J’aime déjà ce pape qui a prononcé 10 (dix) fois le mot «paix» en quelques minutes: une paix «désarmée», «désarmante», «humble». Mais aussi les mots «dialogue», «justice», «synodalité», «marche ensemble», dans son allocution centrée sur le Christ et la mission. Il a aussi proclamé sa confiance dans le Christ Jésus: «Le Christ nous précède!» Et dans la Vierge Marie, en ce jour de son élection qui coïncidait aussi avec la fête au sanctuaire du rosaire de Pompéi, dû au bienheureux Bartolo Longo, qui pourrait être bientôt canonisé.
Originaire de Chicago, c’est le premier pape venu des États-Unis, mais il est aussi de nationalité péruvienne. Il a tenu à saluer son ancien diocèse de Chiclayo, au nord du Pérou, un diocèse rural et pauvre. En somme, il unit en lui tout le continent américain. Plus encore, d’origine française, italienne et espagnole, il réunit l’Amérique et l’Europe.
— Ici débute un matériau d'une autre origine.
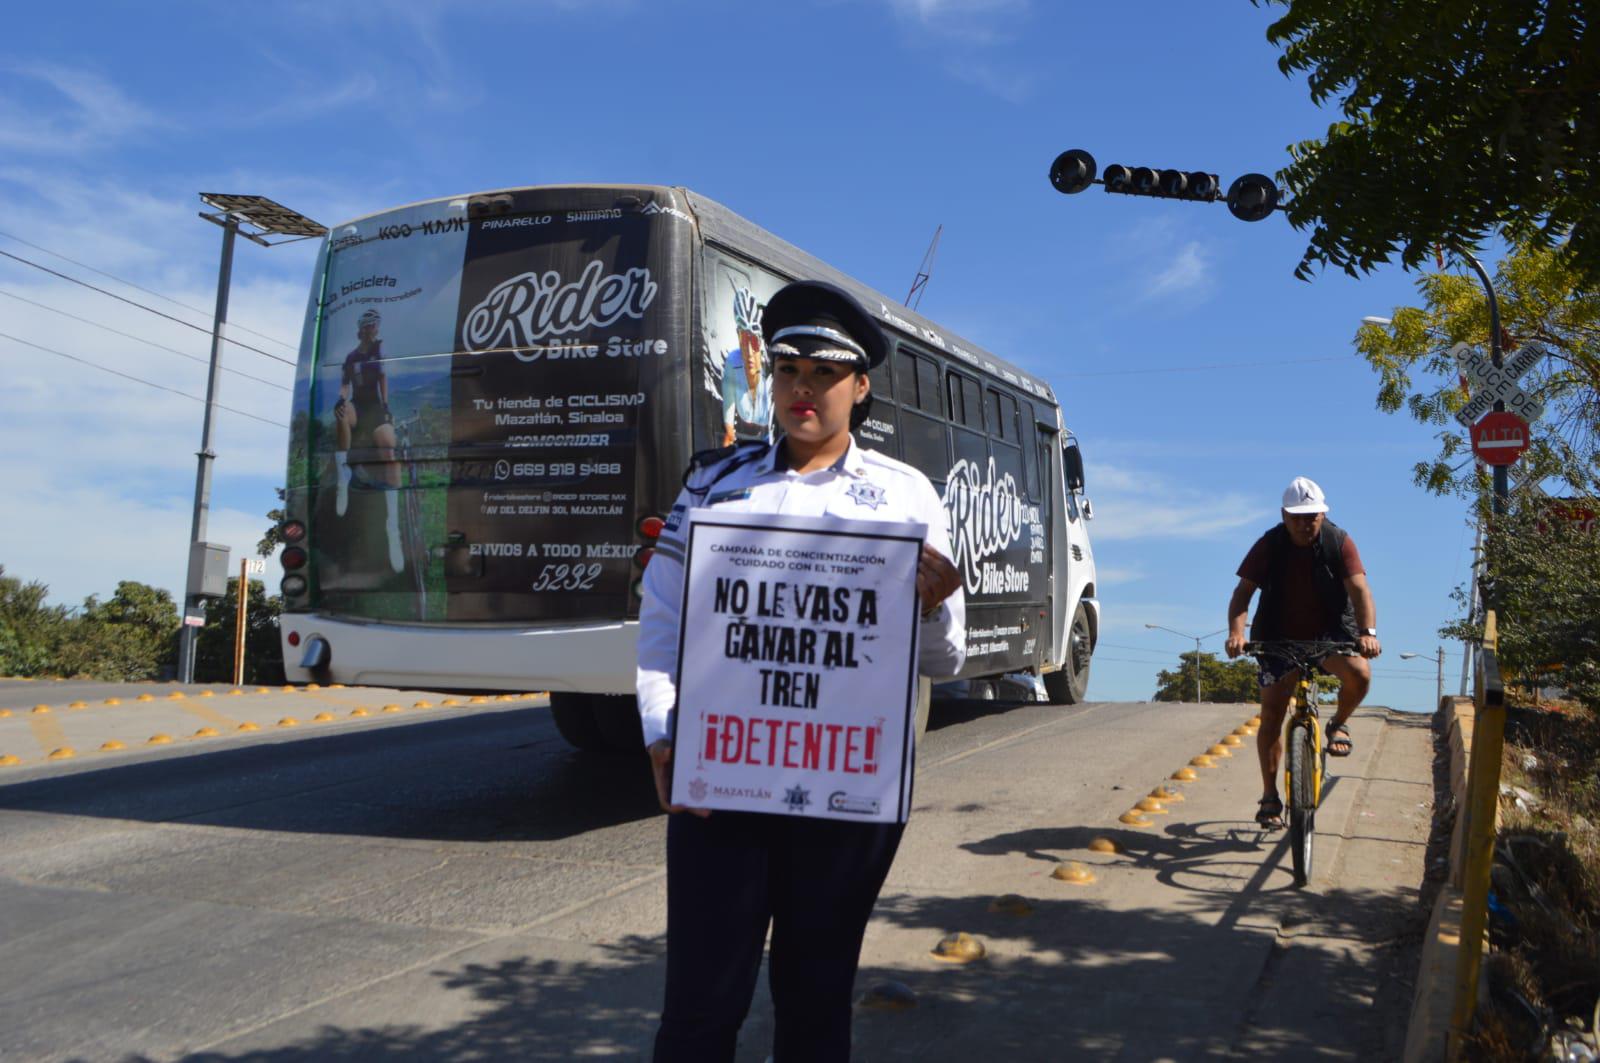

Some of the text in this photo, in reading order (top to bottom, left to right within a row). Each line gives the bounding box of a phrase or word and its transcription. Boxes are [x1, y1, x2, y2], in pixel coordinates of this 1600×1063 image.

[481, 208, 623, 230] PINARELLO SHIMANO
[341, 274, 398, 296] bicicleta
[463, 260, 657, 362] Rider
[547, 335, 669, 360] Bike Store
[1456, 346, 1538, 418] CRUCE DE
[473, 393, 646, 411] Tu tienda de CICLISMO
[1455, 389, 1495, 424] FERRO
[568, 411, 625, 424] Sinaloa
[1479, 426, 1524, 442] ALTO
[513, 463, 545, 476] 669
[549, 463, 576, 476] 918
[941, 456, 1022, 595] Rider
[527, 544, 539, 557] A
[542, 544, 582, 557] TODO
[710, 544, 886, 565] CAMPAÑA DE CONCIENTIZACIÓN
[533, 563, 602, 592] 5232
[788, 561, 812, 573] CON
[814, 563, 828, 574] EL
[982, 562, 1029, 594] Bike Store
[714, 577, 878, 628] NO LE VAS A
[724, 621, 859, 670] GANAR AL
[759, 668, 820, 710] TREN
[704, 713, 878, 775] ¡DETENTE!
[713, 784, 772, 801] MAZATLÁN
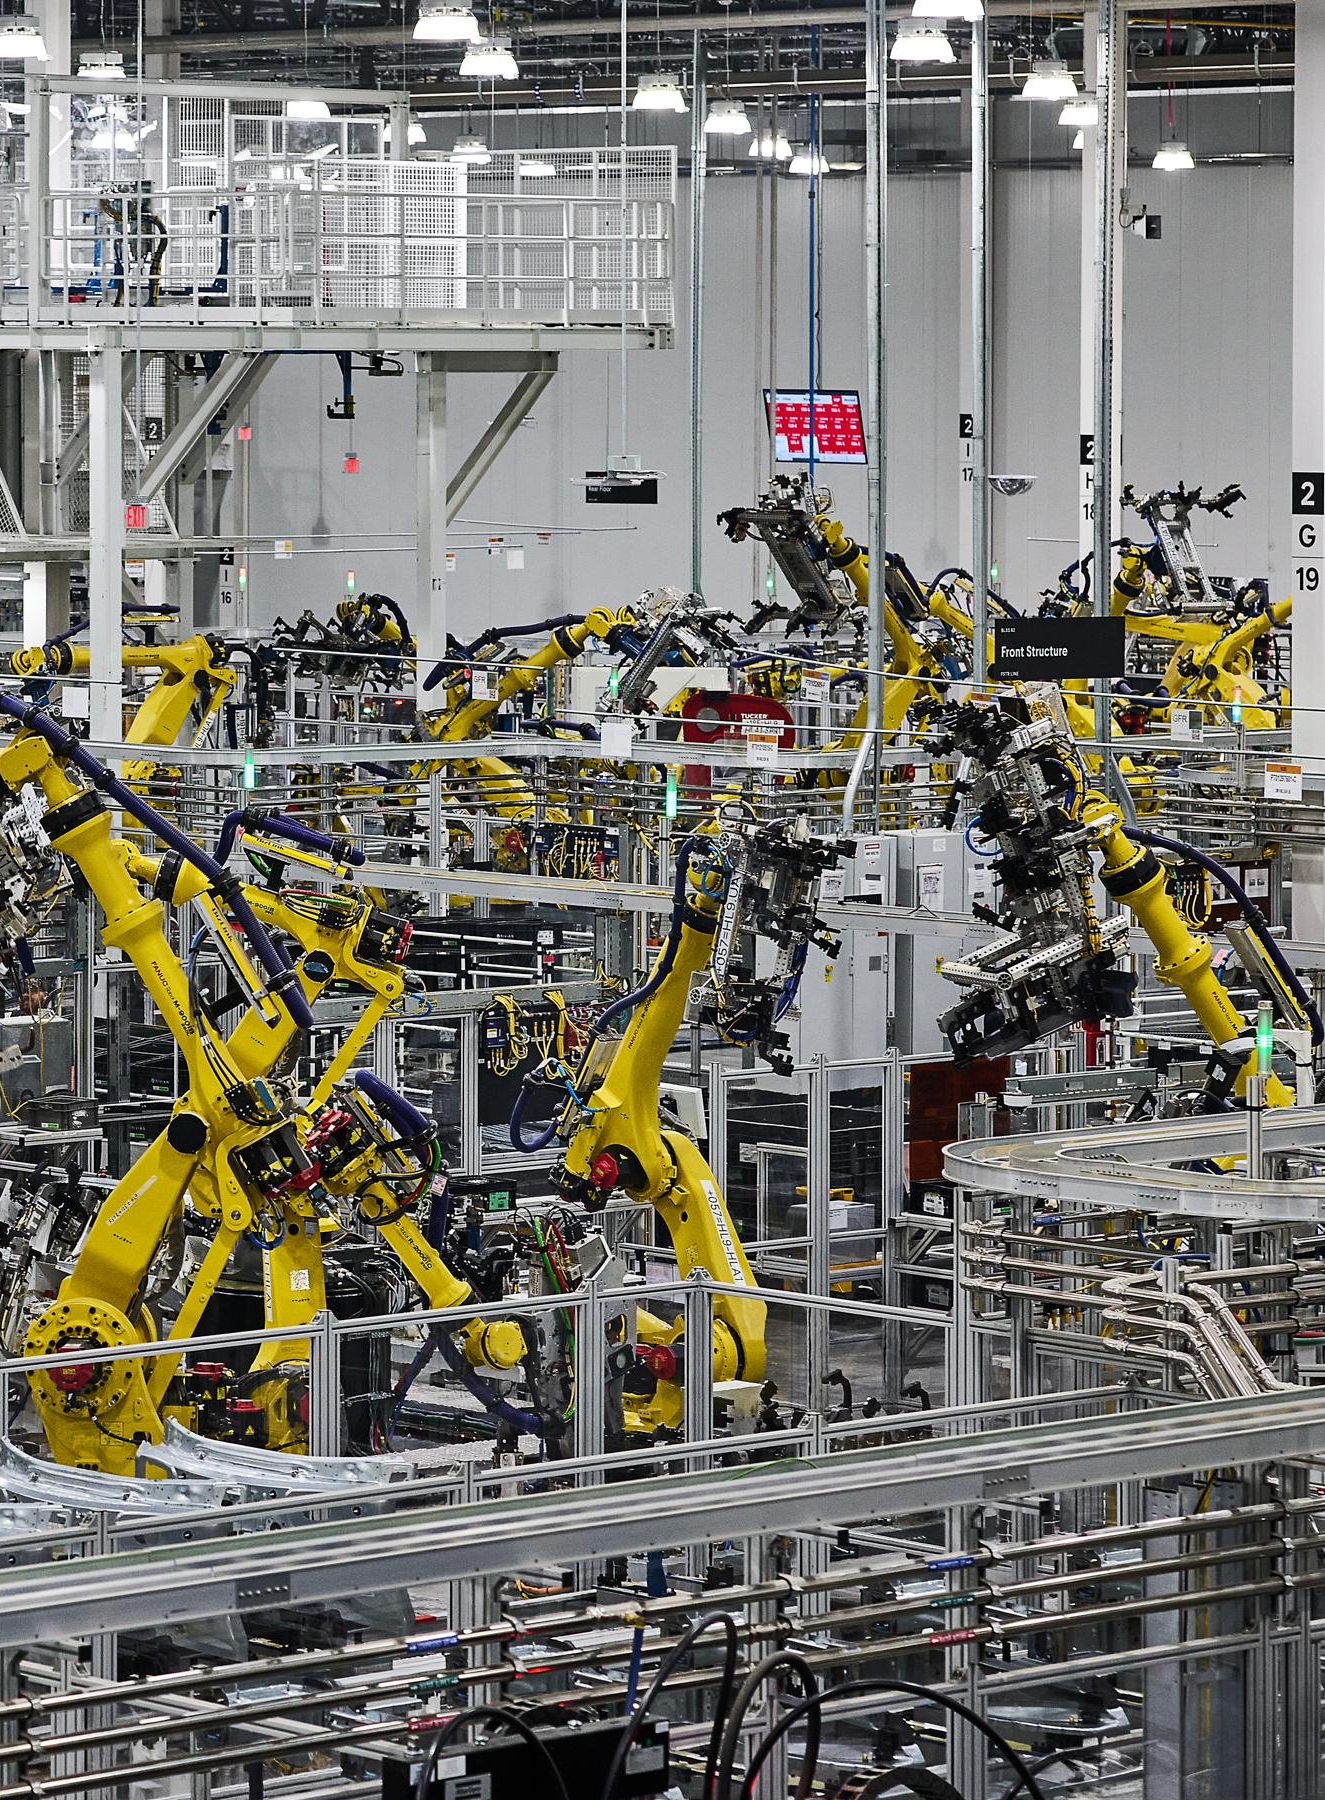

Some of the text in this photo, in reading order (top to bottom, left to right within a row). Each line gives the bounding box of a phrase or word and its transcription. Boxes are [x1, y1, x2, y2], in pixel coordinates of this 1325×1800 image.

[149, 423, 157, 438] 2
[964, 419, 973, 433] 2
[1300, 481, 1315, 506] 2
[127, 506, 146, 528] EXIT
[1299, 524, 1316, 548] G
[223, 548, 230, 560] 2
[1296, 567, 1319, 591] 19
[221, 591, 232, 604] 16
[1001, 645, 1069, 658] Front Structure
[1173, 714, 1187, 723] GFR
[151, 961, 168, 987] FANUC
[173, 1000, 195, 1034] M-900iB
[1212, 991, 1226, 1013] FANUC
[628, 1029, 638, 1049] FANUC
[708, 1190, 743, 1281] +057=HL9-HLA1
Le cardinal Prevost a choisi le nom de Léon XIV, c’est-à-dire qu’il met aussi ses pas dans les pas de Léon XIII (1810-1903), qui nous a donné la première encyclique sociale, Rerum Novarum (1891). Il a également condamné l’esclavage et la traite humaine. C’est le pape que sainte Thérèse de Lisieux est allée trouver à Rome pour demander de pouvoir entrer au carmel à 15 ans. Son nom renvoie aussi à saint Léon le Grand (v. 400-461) qui a réussi à sauver Rome menacée par Attila. Ce pape insistait sur la force du baptême en disant cette phrase bien connue: «Souviens-toi, ô chrétien, de ta dignité! Souviens-toi de quelle Tête et de quel Corps tu es membre par ton baptême!»
Il me semble qu’en ce dimanche du bon pasteur, c’est un peu notre devoir de prier pour le succès de la tâche de notre nouveau pape. Les embûches et les pièges ne manqueront pas, c’est clair. Mais derrière lui, il peut compter sur la foi et l'infatiguabilité (et pourquoi pas l'infaiilibilité) de toute l’Église, donc aussi de chacun et chacune de nous.
Joyeuses Pâques, au cœur du jubilé de l’espérance!